December 22nd, 2008 · 9 Comments

It’s a week old now, but this Feministe post exhibits a type of category error that crops up in other contexts, so I figure it’s still worth saying a few words about it. The touchstone is this Rolling Stone postmortem of the battle over Caliornia’s Proposition 8, which concludes that the anti-gay amendment could have been defeated, but for a signally inept campaign waged by its opponents. Blogger Cara responds:

I’m personally really sick of the idea that the “gay people just didn’t beg enough for their own rights” argument is a brilliant replacement for the racist one above.  Guess what?  If entrenched homophobia (across the board) and religious intolerance was not an issue, the fact that No on 8 ran a shitty campaign wouldn’t have been an issue either.  And saying “well maybe if they’d just asked the nice straight people a bit more pleadingly” is just another example of the privilege and prejudice.

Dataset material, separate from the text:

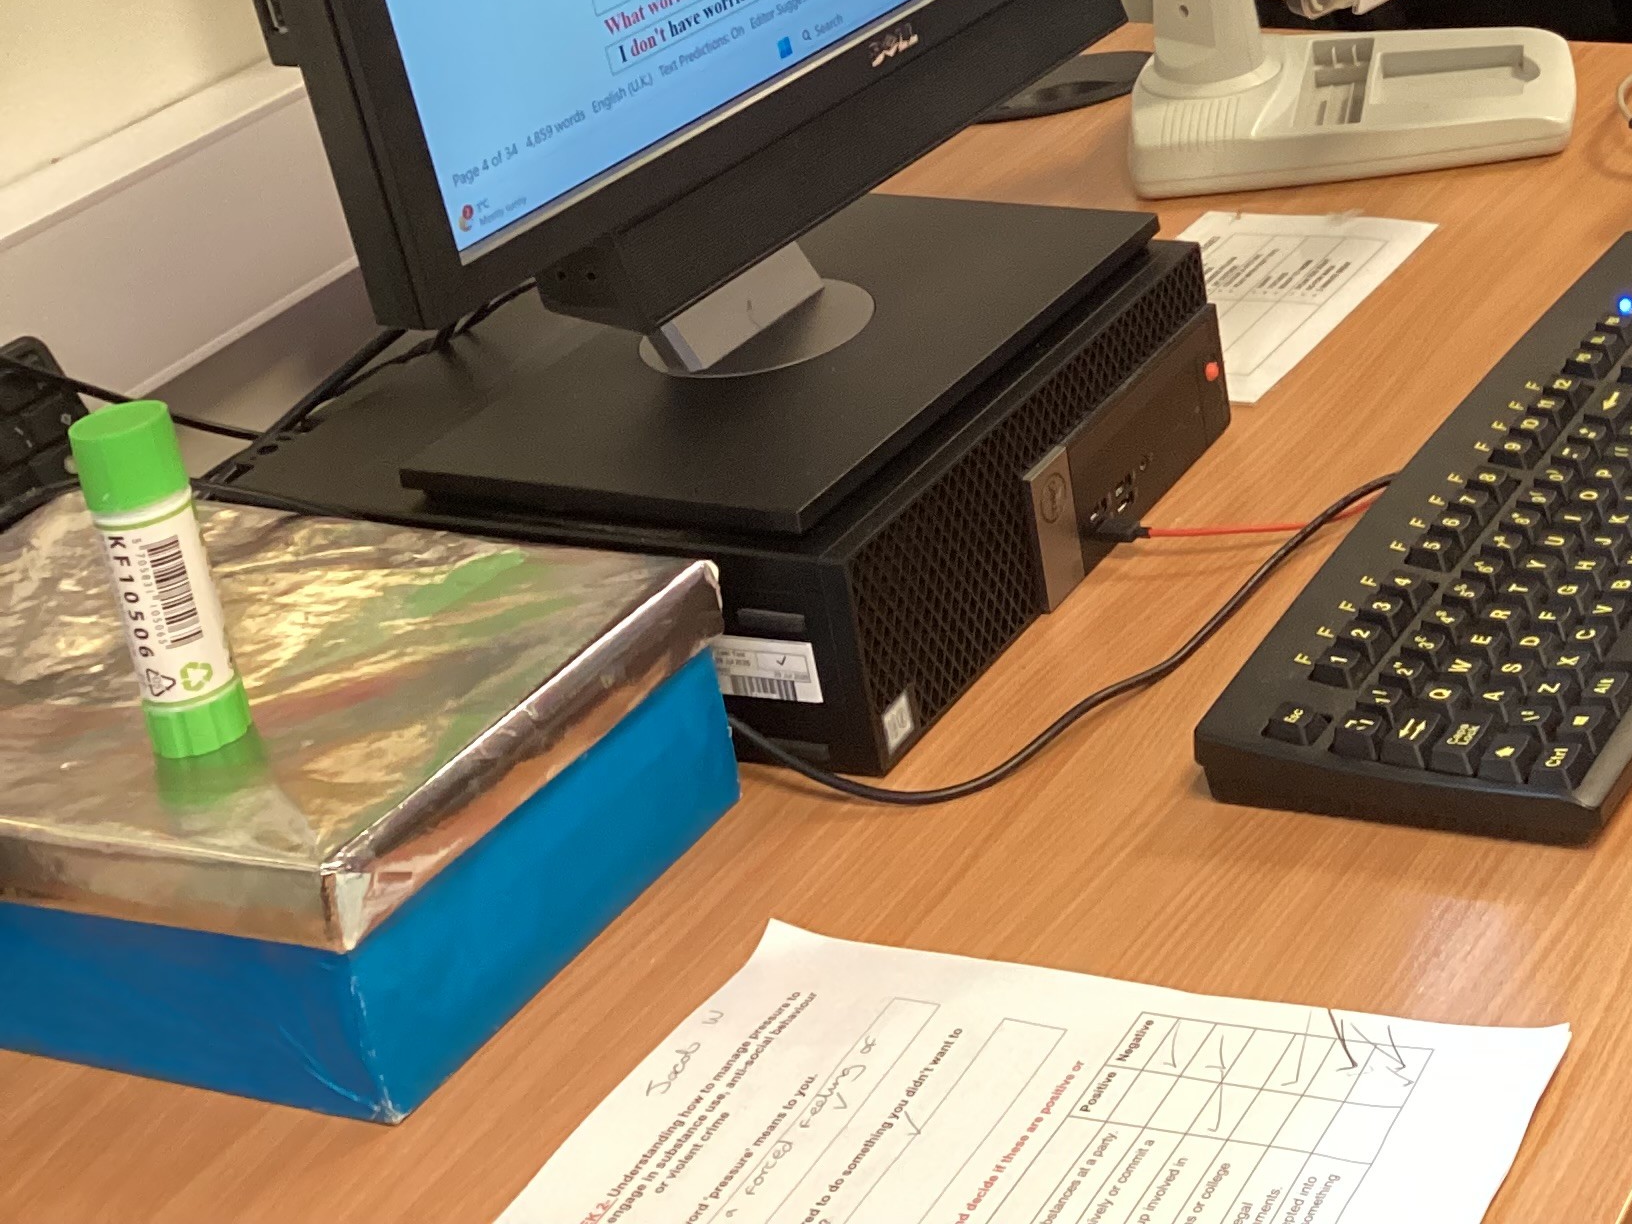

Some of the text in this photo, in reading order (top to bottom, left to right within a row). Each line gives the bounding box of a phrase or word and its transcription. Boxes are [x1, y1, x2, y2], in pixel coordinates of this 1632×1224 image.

No one should have to beg for their rights.  Period.  And the oppressor is always to blame for the oppression they commit.

First, a purely stylistic quibble. The locution “[Statement]. Period.” is not persuasive. It doesn’t impress the reader with your steely commitment to justice. It’s just rhetorical foot-stamping, about half a notch up from the clever habit of punctuating an attempted reductio with “hel-LOOOO?”  It really serves no good purpose. Period, if you will.

The substantive problem here is not that Cara is wrong, as such, but that her being right does no useful work. We can all agree—I assume the author and editorial staff of Rolling Stone agree—that the real problem here is that many people are homophobic and unwilling to extend gay couples the equal treatment to which they are entitled. They really ought to cut that out.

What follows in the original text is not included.